À la base du structuralisme se trouve la recherche de points de comparaison entre langues, issue des grammaires comparées. Que ces langues soient séparées par l'espace, le temps ou les deux, la méthode consiste en la recherche de stabilités entre figures d'expressions et idées véhiculées (par exemple le proto-morphème pe- dans les diverses expressions de <<pied>> et de ses dérivés dans les langues indo-européennes).

La grande idée de Saussure [28] fut donc de considérer dans ce cas la nature de l'élément de base de la comparaison. Reconnaissant la langue comme système, il exprime que c'est la présomption de connaissance de ce dernier qui permet d'aboutir à l'identification de ses constituants (et donc de commencer véritablement la description).

Même si l'on isole le signe dans un schéma de relations entre ses parties (signifié et signifiant), il faut toujours considérer que l'élément est indissociable du tout systémique auquel il appartient et qu'il constitue. L'importance n'est donc pas seulement portée sur la nature et la signification des relations entre les parties du signe, mais surtout sur les relations entre les signes.

Un autre exemple de cette difficulté réside dans la notion même de paradigme. Toujours dans le cadre des comparaisons entre langues, on doit identifier des classes de comparaison pour les termes. Par exemple, pour identifier le <<sens>> du préfixe dé-, il faut considérer un ensemble de termes comme défaire, démonter, démolir, etc. Bien des classes de comparaison sont pourtant disponibles pour chacun de ces termes, comme faire, refaire, défaire, mais c'est avant tout la présomption de l'objet à mettre en évidence, et du rôle qu'il joue dans le système de la langue qui détermine les effets locaux utilisés pour mettre en évidence sa nature et même son existence.

Quand nous énonçons le terme de présomption, il faut en fait avouer que l'on s'intéresse à l'identité de l'élément. Plus qu'une évidence, cette identité doit en fait être construite. Les relations paradigmatiques qu'entretient une unité signifiante se basent sur son identité, mais en fait elles la forment par là-même. Un mot (comme signification), par exemple, va pouvoir être classé dans diverses classes sémantiques (et supporter des relations au sein de celles-ci) parce qu'il a été identifié, mais cependant ce sont les classes admises et les classes injustifiées (plus qu'impossibles, puisque l'on peut toujours s'amuser à regrouper un ensemble aléatoire de termes et les unifier par un contexte ou même un texte) qui vont construire ou peut-être simplement traduire cette identité. À un autre niveau, si l'on décompose cette entité à classer, c'est sur la base du partage d'un de ses composants avec d'autres entités que son appartenance à une classe sera justifiée. Le morphème `faire' dans l'exemple précédent est <<le même>> dans tous les verbes énoncés, alors que d'autres composants y entretiennent des relations de différence (`re' et `dé' par exemple).

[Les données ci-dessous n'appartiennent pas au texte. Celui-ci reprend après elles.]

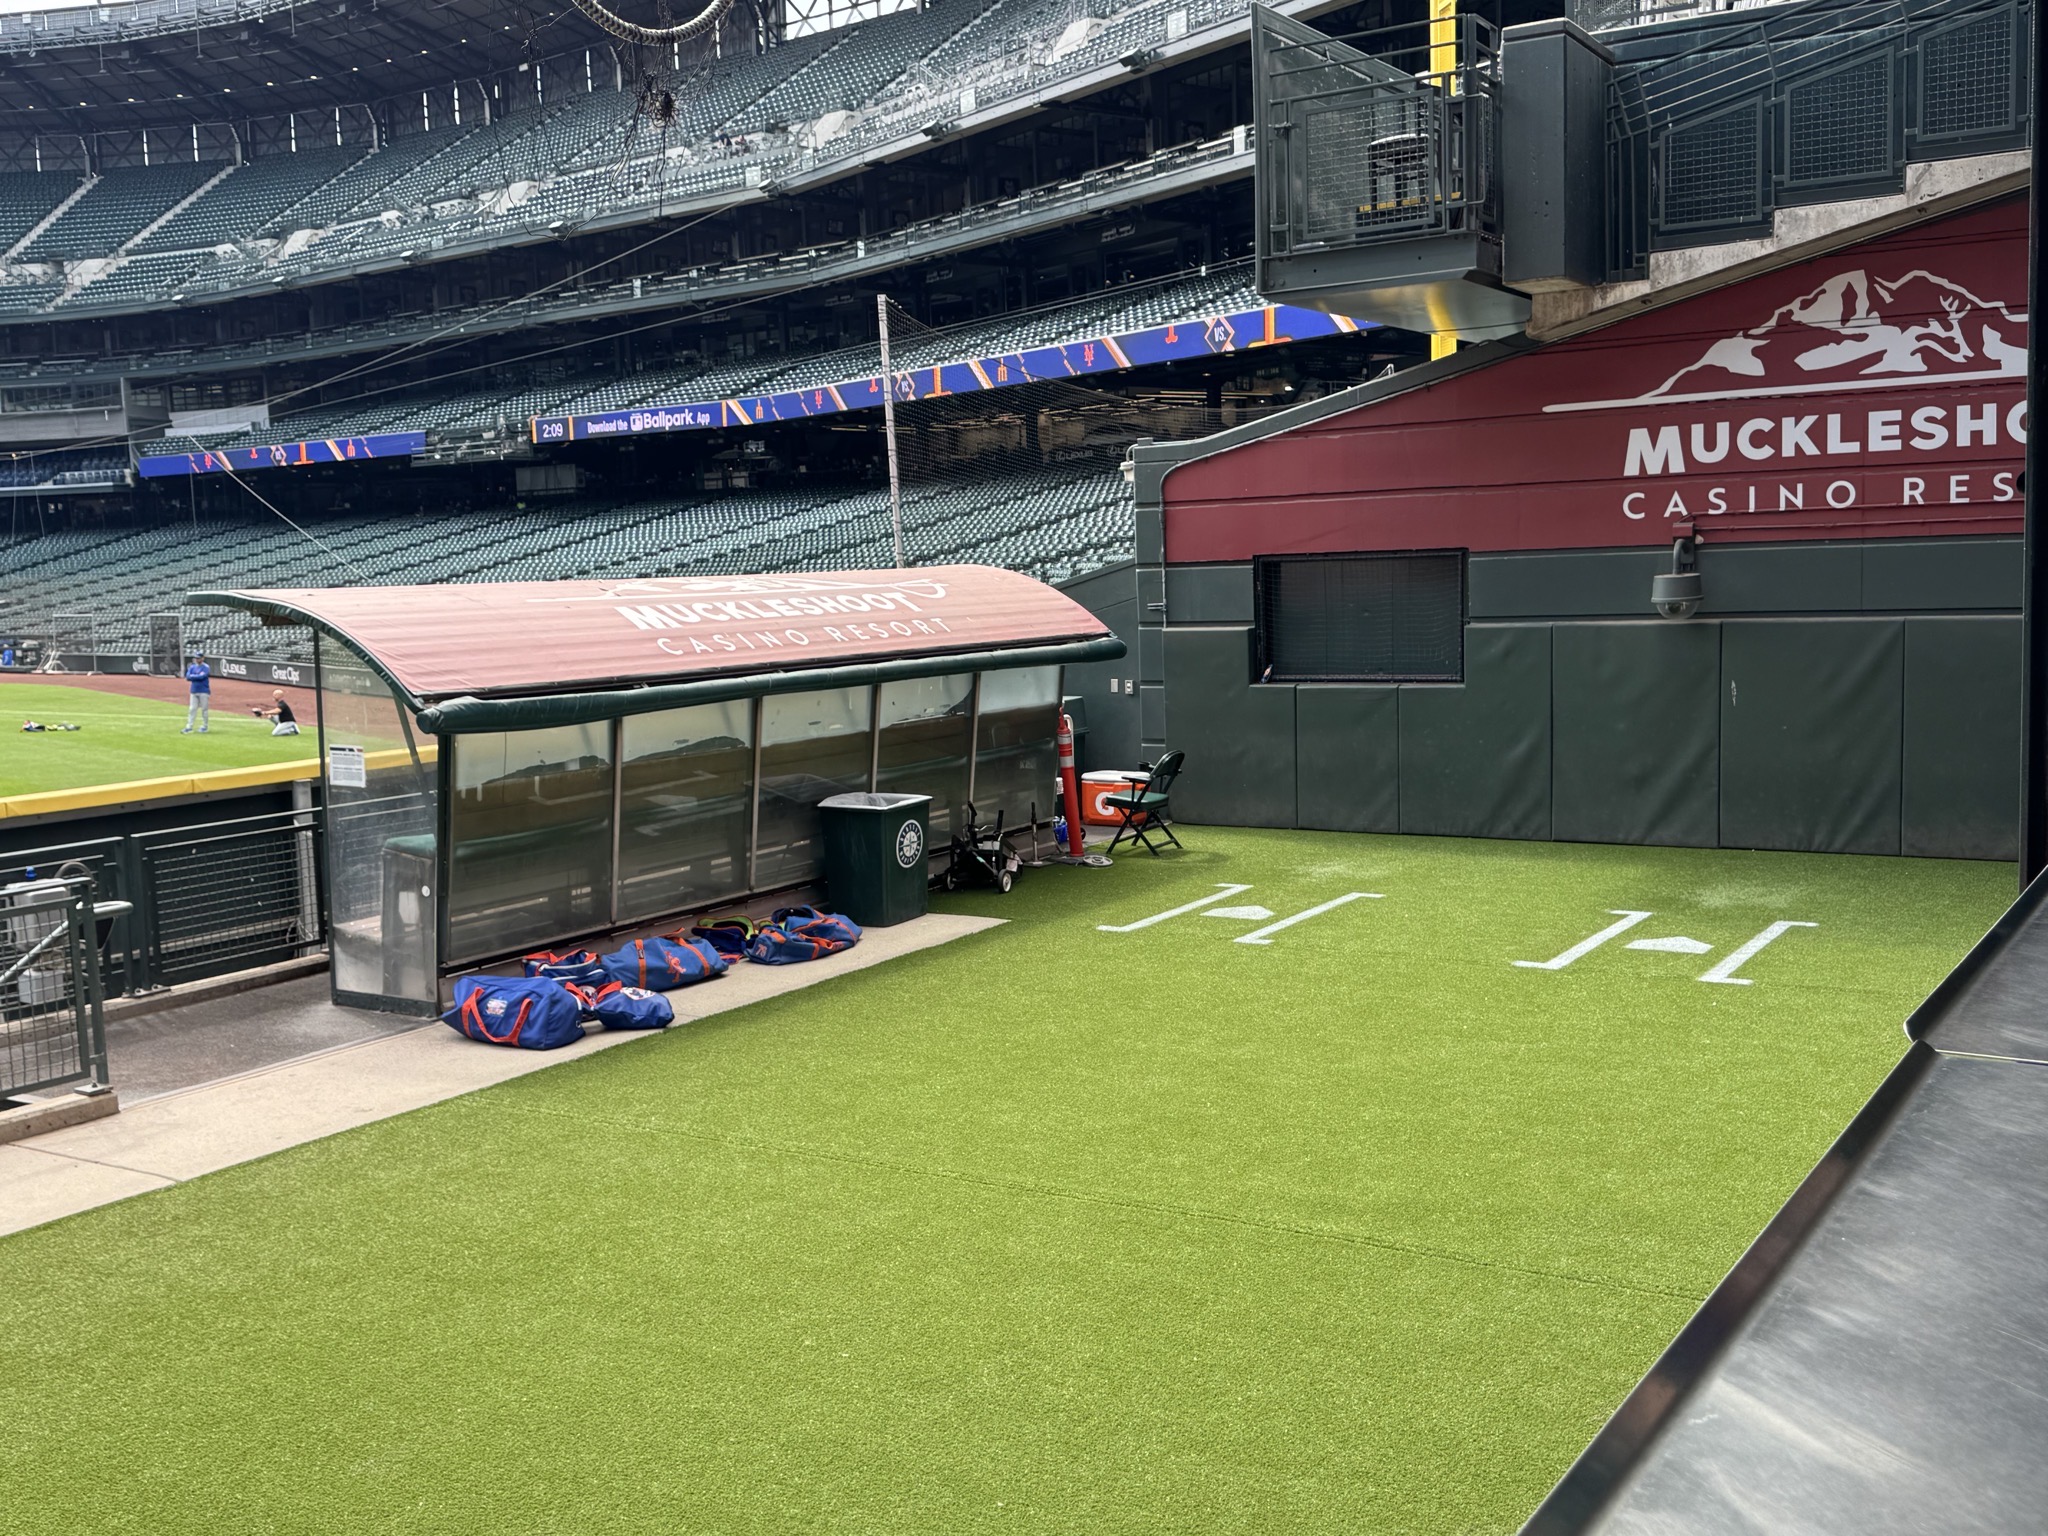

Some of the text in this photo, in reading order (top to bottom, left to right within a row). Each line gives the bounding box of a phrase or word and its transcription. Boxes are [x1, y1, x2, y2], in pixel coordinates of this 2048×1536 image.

[542, 423, 563, 438] 2:09
[587, 408, 711, 434] Download the Ballpark App
[1622, 480, 1857, 520] CASINO
[614, 591, 923, 631] MUCKLESHOOT
[656, 617, 953, 656] CASINO RESORT
[226, 663, 247, 675] LEXUS
[271, 664, 300, 685] Great Clips

Ainsi, dans une approche formelle, un point de départ est nécessaire dans la description d'une unité sémantique (un signifié). Celle-ci peut n'être que partielle, comme l'identification d'une classe qui contient cette unité. À partir d'une spécification minimale, l'ensemble de la notion peut ainsi se construire, cette construction faisant partie d'un processus interprétatif. Ainsi, la fameuse notion de généricité - spécificité n'est donc qu'une conséquence de ces deux principes fondamentaux (identité et différence). L'organisation paradigmatique repose sur la notion de substitution, et suppose donc une identité de l'unité transposée à travers les contextes.

Cet apparent paradoxe n'a, en fait, pas tant d'hermétisme, si l'on considère la double identité du <<mot>>. La première est une identité de forme (une simple chaîne de caractères), la seconde une identité de contenu, du moins pour ce qui est des classes et des relations sémantiques.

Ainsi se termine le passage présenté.